Phrase grounding data:
--*--
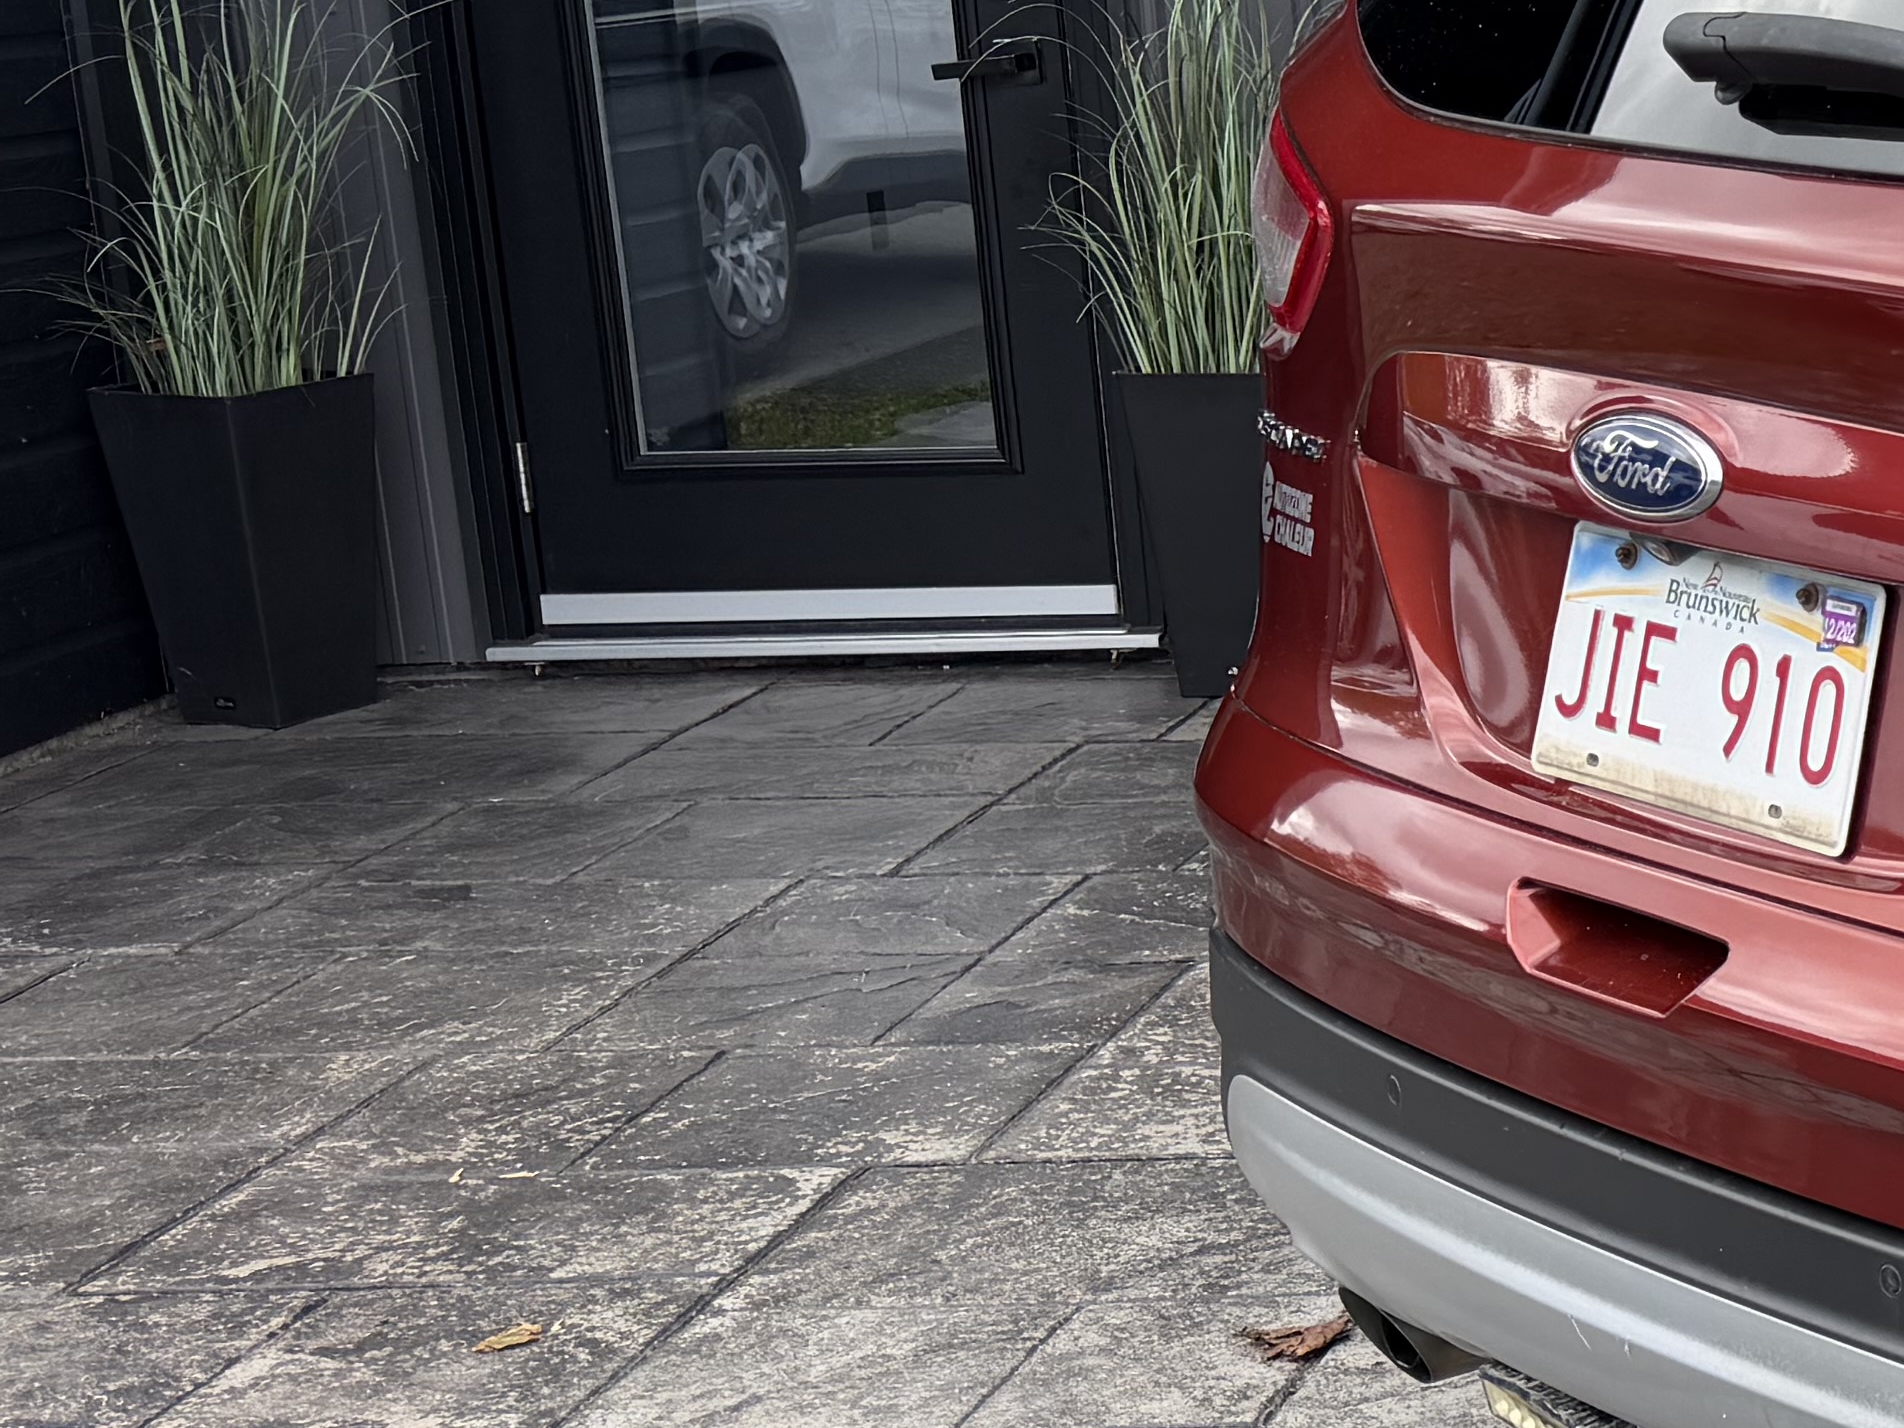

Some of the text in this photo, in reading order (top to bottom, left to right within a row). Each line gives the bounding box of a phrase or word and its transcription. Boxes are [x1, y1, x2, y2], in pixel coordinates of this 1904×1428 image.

[1593, 429, 1677, 497] Ford
[1665, 578, 1761, 625] Brunswick
[1673, 609, 1745, 635] CANADA
[1554, 608, 1846, 786] JIE 910
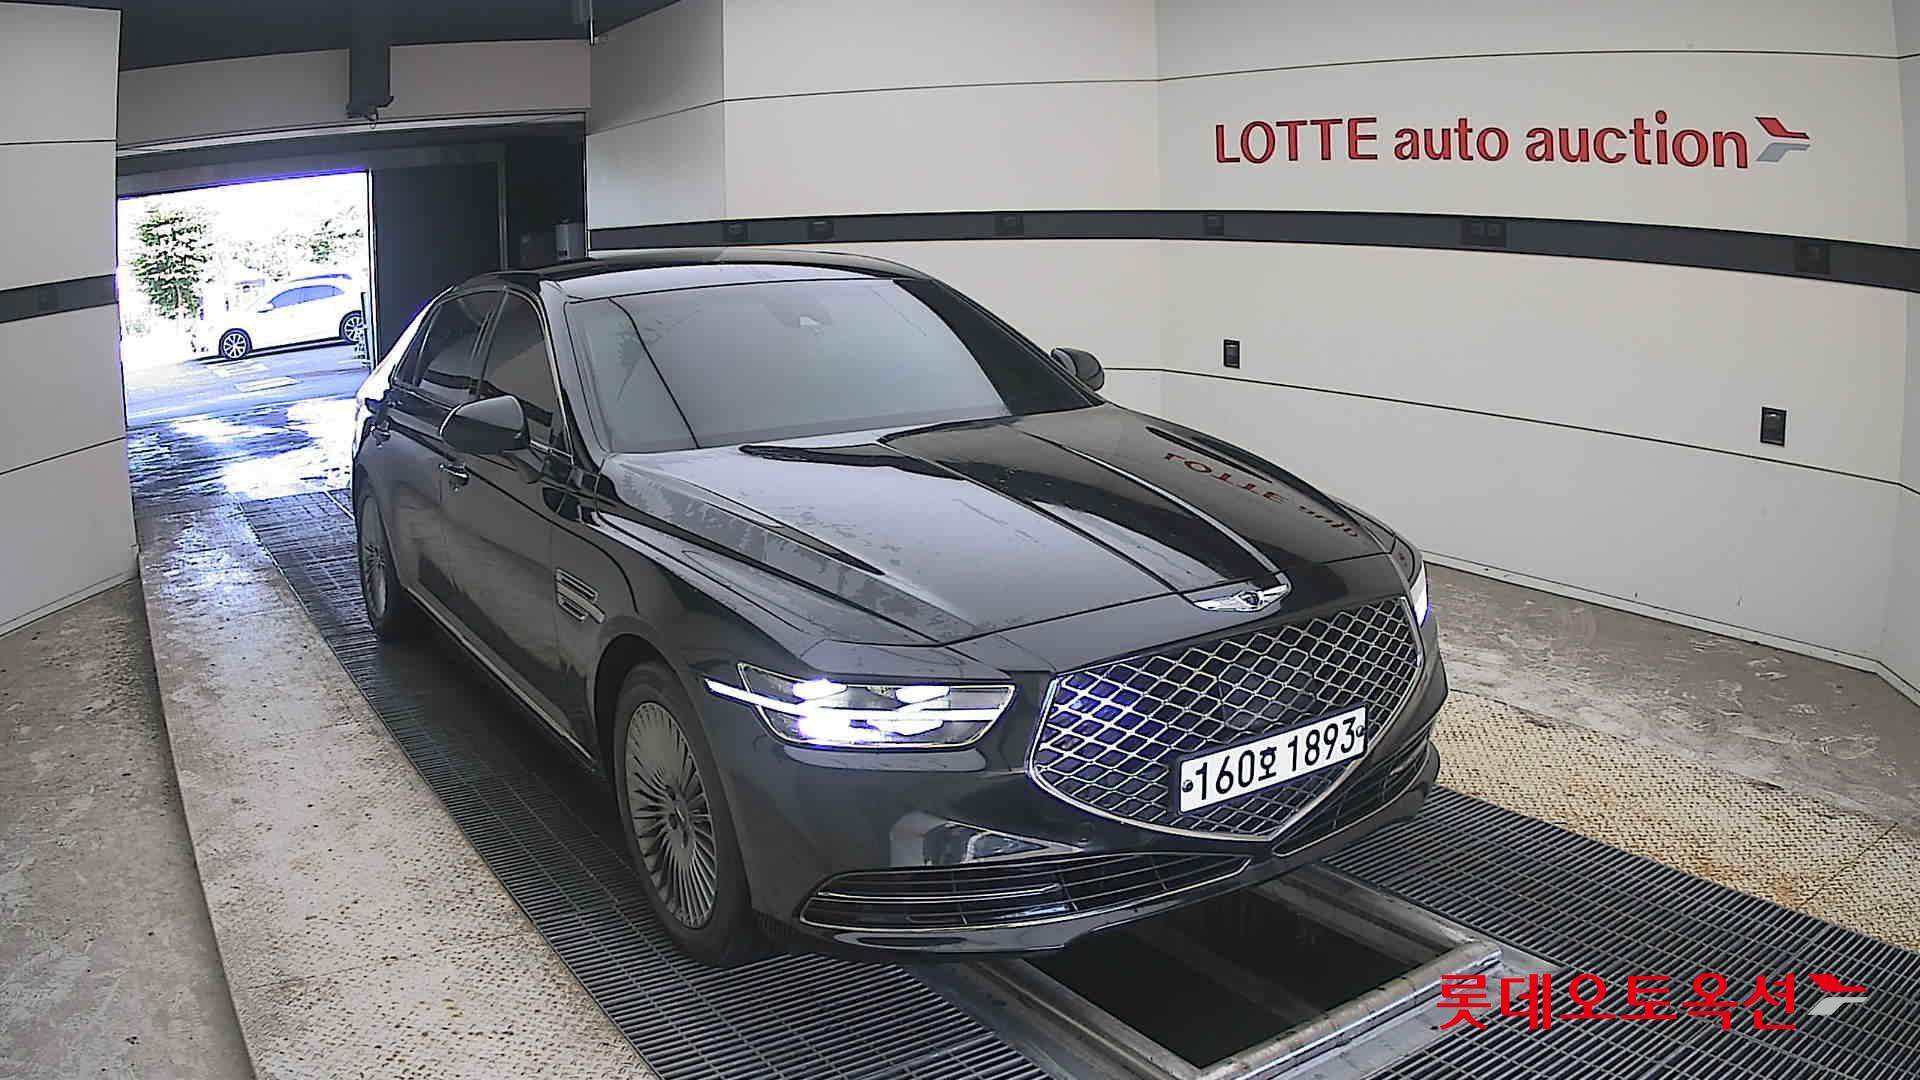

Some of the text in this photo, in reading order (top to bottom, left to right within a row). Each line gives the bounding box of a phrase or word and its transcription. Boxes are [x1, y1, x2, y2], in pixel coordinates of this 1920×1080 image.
--*--
#### [EXERCISE GOAL]
The expected output is the full data above, reproduced exactly with no images.

#### [FINISHED EXERCISE]
Some of the text in this photo, in reading order (top to bottom, left to right within a row). Each line gives the bounding box of a phrase or word and its transcription. Boxes are [x1, y1, x2, y2], in pixel coordinates of this 1904×1428 image.

[1593, 429, 1677, 497] Ford
[1665, 578, 1761, 625] Brunswick
[1673, 609, 1745, 635] CANADA
[1554, 608, 1846, 786] JIE 910

Some of the text in this photo, in reading order (top to bottom, left to right within a row). Each line gives the bounding box of a phrase or word and its transcription. Boxes are [x1, y1, x2, y2], in pixel coordinates of this 1920×1080 image.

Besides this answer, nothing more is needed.